::: Records to use

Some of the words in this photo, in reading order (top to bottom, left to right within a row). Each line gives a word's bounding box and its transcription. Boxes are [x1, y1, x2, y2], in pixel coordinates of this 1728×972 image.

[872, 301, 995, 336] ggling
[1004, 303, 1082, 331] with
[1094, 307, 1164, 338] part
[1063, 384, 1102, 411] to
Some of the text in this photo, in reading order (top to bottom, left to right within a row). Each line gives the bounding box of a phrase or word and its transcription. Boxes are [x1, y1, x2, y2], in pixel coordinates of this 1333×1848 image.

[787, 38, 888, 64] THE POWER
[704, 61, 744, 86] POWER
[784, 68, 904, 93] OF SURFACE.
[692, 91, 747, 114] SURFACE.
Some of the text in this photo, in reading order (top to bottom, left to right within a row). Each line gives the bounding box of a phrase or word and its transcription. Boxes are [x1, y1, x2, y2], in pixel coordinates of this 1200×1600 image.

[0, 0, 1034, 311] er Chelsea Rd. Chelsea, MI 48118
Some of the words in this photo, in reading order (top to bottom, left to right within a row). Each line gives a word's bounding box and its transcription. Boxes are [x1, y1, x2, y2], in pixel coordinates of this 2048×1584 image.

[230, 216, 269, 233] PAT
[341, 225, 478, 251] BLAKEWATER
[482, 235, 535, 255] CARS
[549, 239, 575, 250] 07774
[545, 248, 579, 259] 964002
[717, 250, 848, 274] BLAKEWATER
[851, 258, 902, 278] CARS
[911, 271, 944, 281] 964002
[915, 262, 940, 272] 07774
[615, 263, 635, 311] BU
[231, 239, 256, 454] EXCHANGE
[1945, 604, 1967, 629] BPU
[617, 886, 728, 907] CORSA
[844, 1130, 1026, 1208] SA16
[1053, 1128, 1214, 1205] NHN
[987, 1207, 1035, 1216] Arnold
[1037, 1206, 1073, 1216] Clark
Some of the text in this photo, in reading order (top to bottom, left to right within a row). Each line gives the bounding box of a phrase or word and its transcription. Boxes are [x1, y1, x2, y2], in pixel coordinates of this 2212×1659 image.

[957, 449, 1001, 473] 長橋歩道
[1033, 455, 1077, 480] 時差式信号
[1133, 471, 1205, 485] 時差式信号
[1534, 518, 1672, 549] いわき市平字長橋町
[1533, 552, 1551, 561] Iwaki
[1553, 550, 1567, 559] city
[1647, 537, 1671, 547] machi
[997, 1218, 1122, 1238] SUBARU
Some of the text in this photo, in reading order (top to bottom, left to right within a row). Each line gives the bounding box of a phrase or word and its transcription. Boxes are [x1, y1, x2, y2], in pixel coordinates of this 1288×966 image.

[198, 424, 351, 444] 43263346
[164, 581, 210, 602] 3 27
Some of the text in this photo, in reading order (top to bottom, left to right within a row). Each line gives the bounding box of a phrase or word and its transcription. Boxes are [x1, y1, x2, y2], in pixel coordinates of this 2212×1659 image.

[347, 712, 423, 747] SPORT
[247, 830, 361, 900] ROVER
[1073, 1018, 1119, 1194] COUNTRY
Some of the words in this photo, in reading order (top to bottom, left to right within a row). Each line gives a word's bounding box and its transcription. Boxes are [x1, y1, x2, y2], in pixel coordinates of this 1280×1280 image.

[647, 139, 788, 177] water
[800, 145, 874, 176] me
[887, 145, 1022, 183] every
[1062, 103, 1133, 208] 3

::::::

**Problem requirements**:
Your output must be an exact copy of every entry.

**Output for this task**:
Some of the words in this photo, in reading order (top to bottom, left to right within a row). Each line gives a word's bounding box and its transcription. Boxes are [x1, y1, x2, y2], in pixel coordinates of this 1728×972 image.

[872, 301, 995, 336] ggling
[1004, 303, 1082, 331] with
[1094, 307, 1164, 338] part
[1063, 384, 1102, 411] to
Some of the text in this photo, in reading order (top to bottom, left to right within a row). Each line gives the bounding box of a phrase or word and its transcription. Boxes are [x1, y1, x2, y2], in pixel coordinates of this 1333×1848 image.

[787, 38, 888, 64] THE POWER
[704, 61, 744, 86] POWER
[784, 68, 904, 93] OF SURFACE.
[692, 91, 747, 114] SURFACE.
Some of the text in this photo, in reading order (top to bottom, left to right within a row). Each line gives the bounding box of a phrase or word and its transcription. Boxes are [x1, y1, x2, y2], in pixel coordinates of this 1200×1600 image.

[0, 0, 1034, 311] er Chelsea Rd. Chelsea, MI 48118
Some of the words in this photo, in reading order (top to bottom, left to right within a row). Each line gives a word's bounding box and its transcription. Boxes are [x1, y1, x2, y2], in pixel coordinates of this 2048×1584 image.

[230, 216, 269, 233] PAT
[341, 225, 478, 251] BLAKEWATER
[482, 235, 535, 255] CARS
[549, 239, 575, 250] 07774
[545, 248, 579, 259] 964002
[717, 250, 848, 274] BLAKEWATER
[851, 258, 902, 278] CARS
[911, 271, 944, 281] 964002
[915, 262, 940, 272] 07774
[615, 263, 635, 311] BU
[231, 239, 256, 454] EXCHANGE
[1945, 604, 1967, 629] BPU
[617, 886, 728, 907] CORSA
[844, 1130, 1026, 1208] SA16
[1053, 1128, 1214, 1205] NHN
[987, 1207, 1035, 1216] Arnold
[1037, 1206, 1073, 1216] Clark
Some of the text in this photo, in reading order (top to bottom, left to right within a row). Each line gives the bounding box of a phrase or word and its transcription. Boxes are [x1, y1, x2, y2], in pixel coordinates of this 2212×1659 image.

[957, 449, 1001, 473] 長橋歩道
[1033, 455, 1077, 480] 時差式信号
[1133, 471, 1205, 485] 時差式信号
[1534, 518, 1672, 549] いわき市平字長橋町
[1533, 552, 1551, 561] Iwaki
[1553, 550, 1567, 559] city
[1647, 537, 1671, 547] machi
[997, 1218, 1122, 1238] SUBARU
Some of the text in this photo, in reading order (top to bottom, left to right within a row). Each line gives the bounding box of a phrase or word and its transcription. Boxes are [x1, y1, x2, y2], in pixel coordinates of this 1288×966 image.

[198, 424, 351, 444] 43263346
[164, 581, 210, 602] 3 27
Some of the text in this photo, in reading order (top to bottom, left to right within a row). Each line gives the bounding box of a phrase or word and its transcription. Boxes are [x1, y1, x2, y2], in pixel coordinates of this 2212×1659 image.

[347, 712, 423, 747] SPORT
[247, 830, 361, 900] ROVER
[1073, 1018, 1119, 1194] COUNTRY
Some of the words in this photo, in reading order (top to bottom, left to right within a row). Each line gives a word's bounding box and its transcription. Boxes are [x1, y1, x2, y2], in pixel coordinates of this 1280×1280 image.

[647, 139, 788, 177] water
[800, 145, 874, 176] me
[887, 145, 1022, 183] every
[1062, 103, 1133, 208] 3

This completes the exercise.